--- MATERIAL SUPPLIED Enclosed Below ---
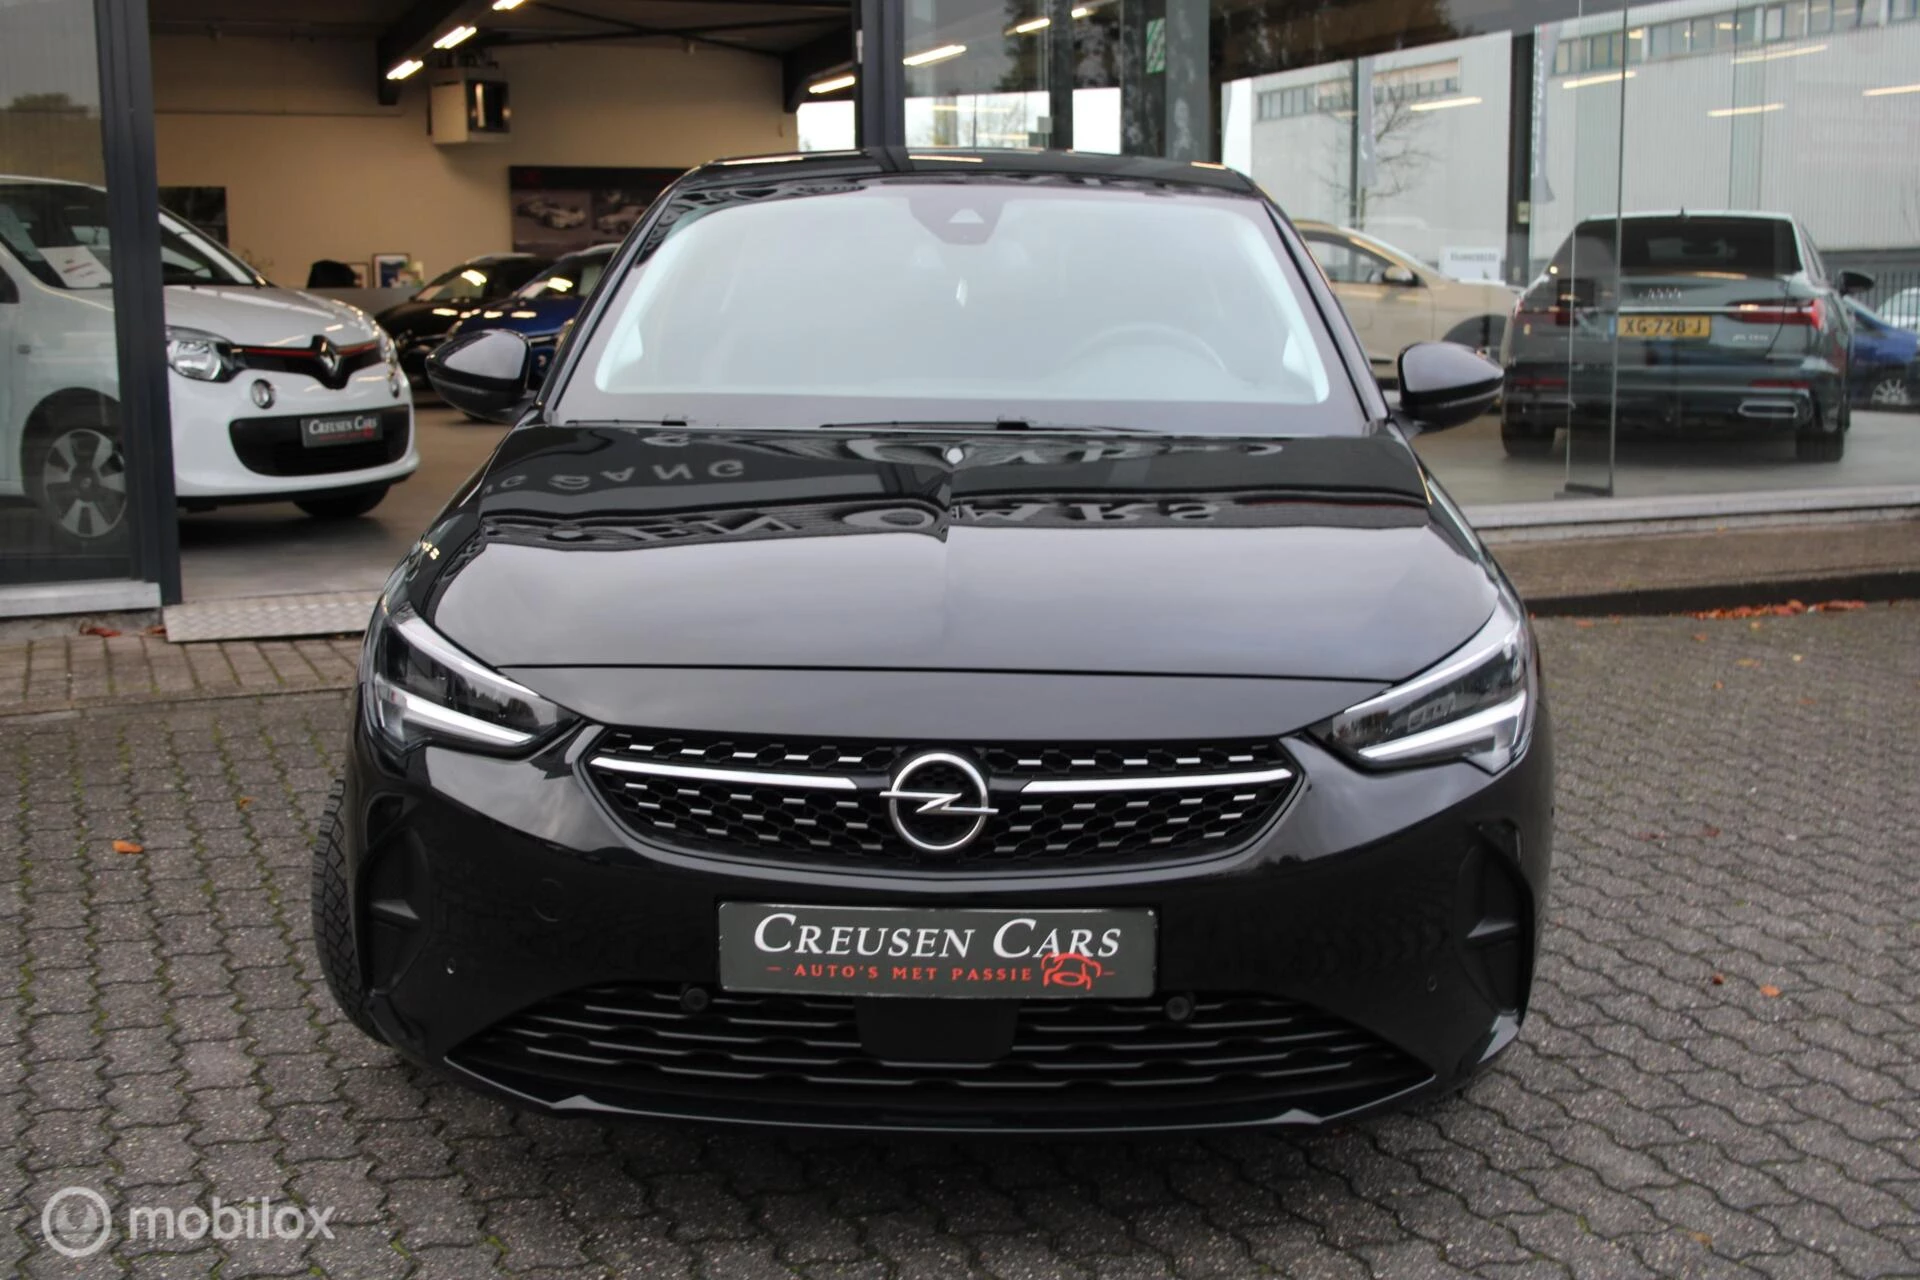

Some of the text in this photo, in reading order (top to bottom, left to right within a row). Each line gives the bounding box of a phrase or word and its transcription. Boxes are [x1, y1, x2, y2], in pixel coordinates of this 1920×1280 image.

[753, 912, 1121, 958] CREUSEN CARS
[794, 963, 1032, 982] AUTO'S MET PASSIE
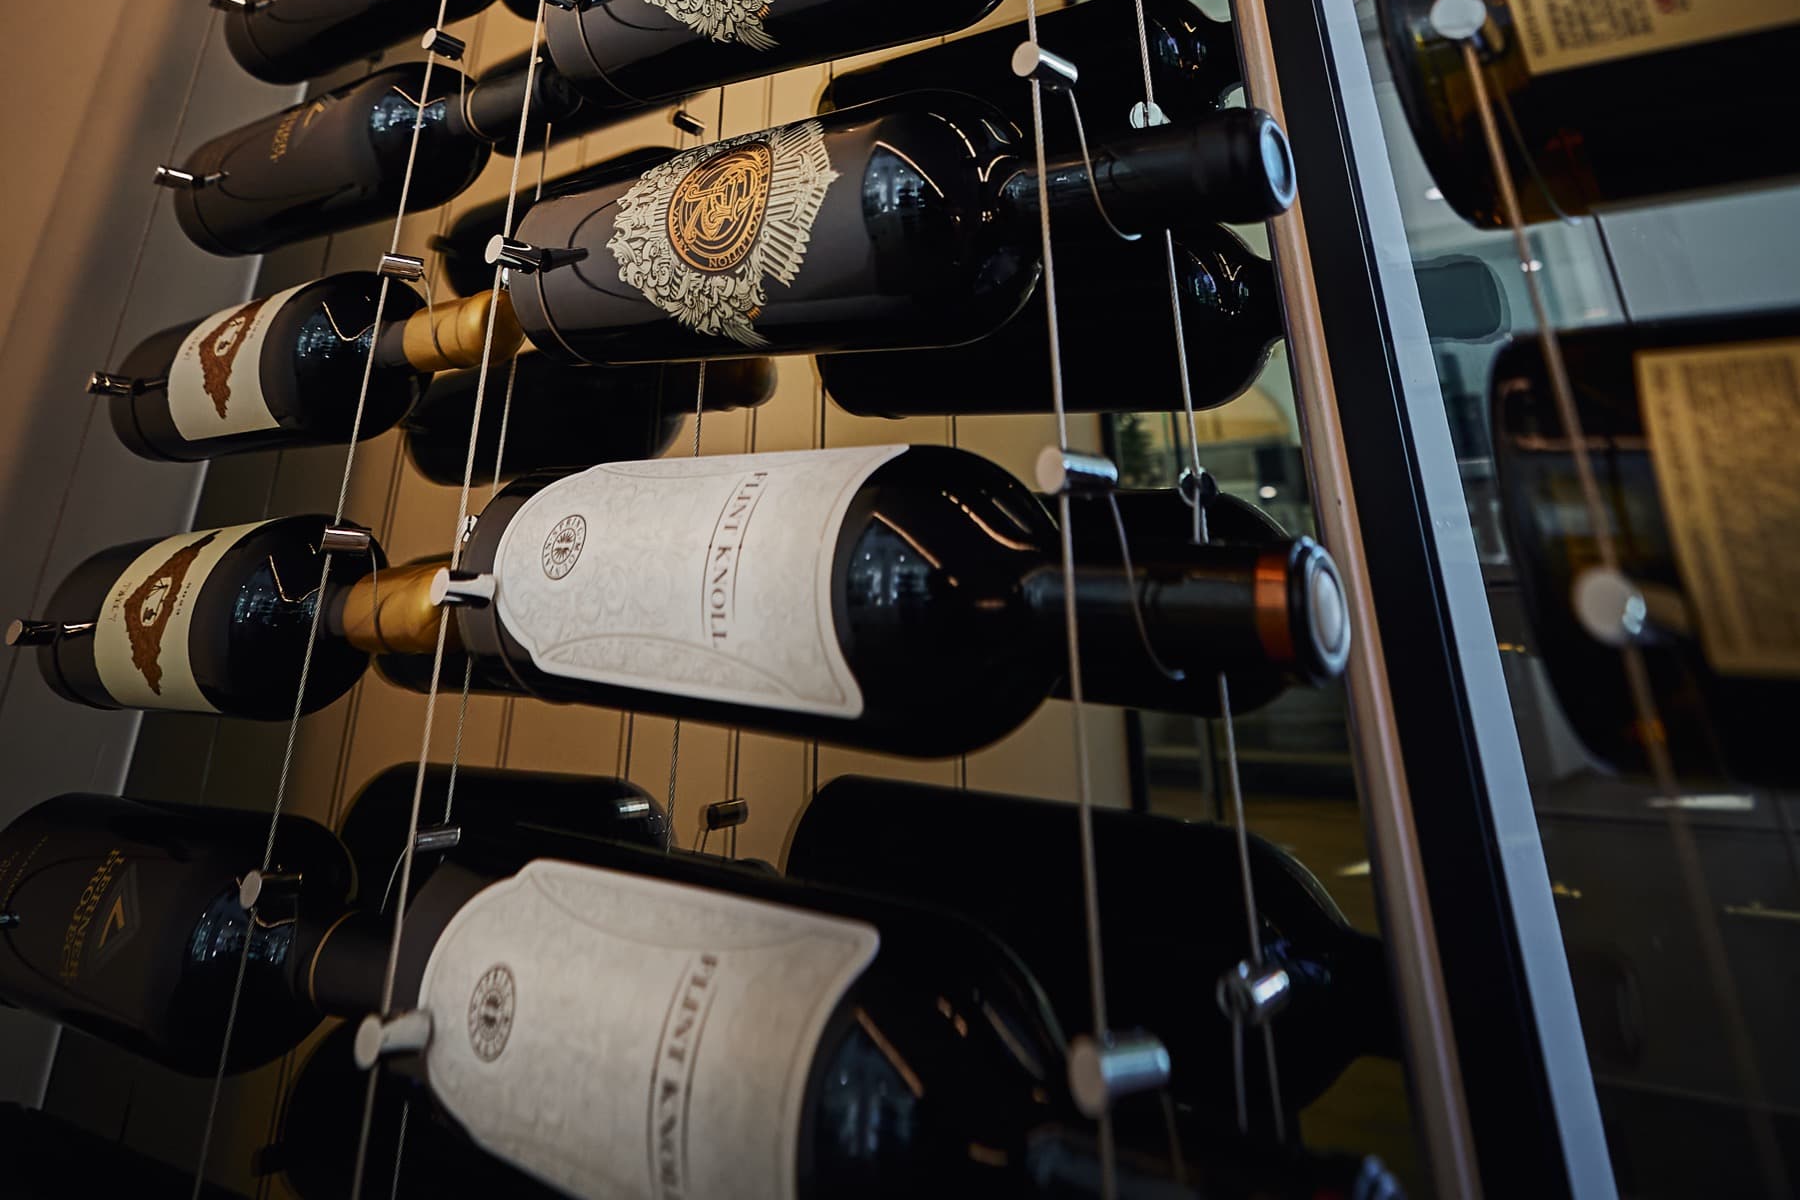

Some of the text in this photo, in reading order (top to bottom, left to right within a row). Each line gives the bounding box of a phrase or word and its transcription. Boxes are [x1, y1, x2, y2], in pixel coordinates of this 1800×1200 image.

[710, 471, 768, 649] FLINT KNOLL
[667, 954, 718, 1067] FLINT
--- End of Enclosed MATERIAL SUPPLIED ---
■ EXERCISE PROMPT: The line containing "this 1800×1200 image." and all lines after it, through the last line of the data, should be retyped exactly.

■ ANSWER BOX:
Some of the text in this photo, in reading order (top to bottom, left to right within a row). Each line gives the bounding box of a phrase or word and its transcription. Boxes are [x1, y1, x2, y2], in pixel coordinates of this 1800×1200 image.

[710, 471, 768, 649] FLINT KNOLL
[667, 954, 718, 1067] FLINT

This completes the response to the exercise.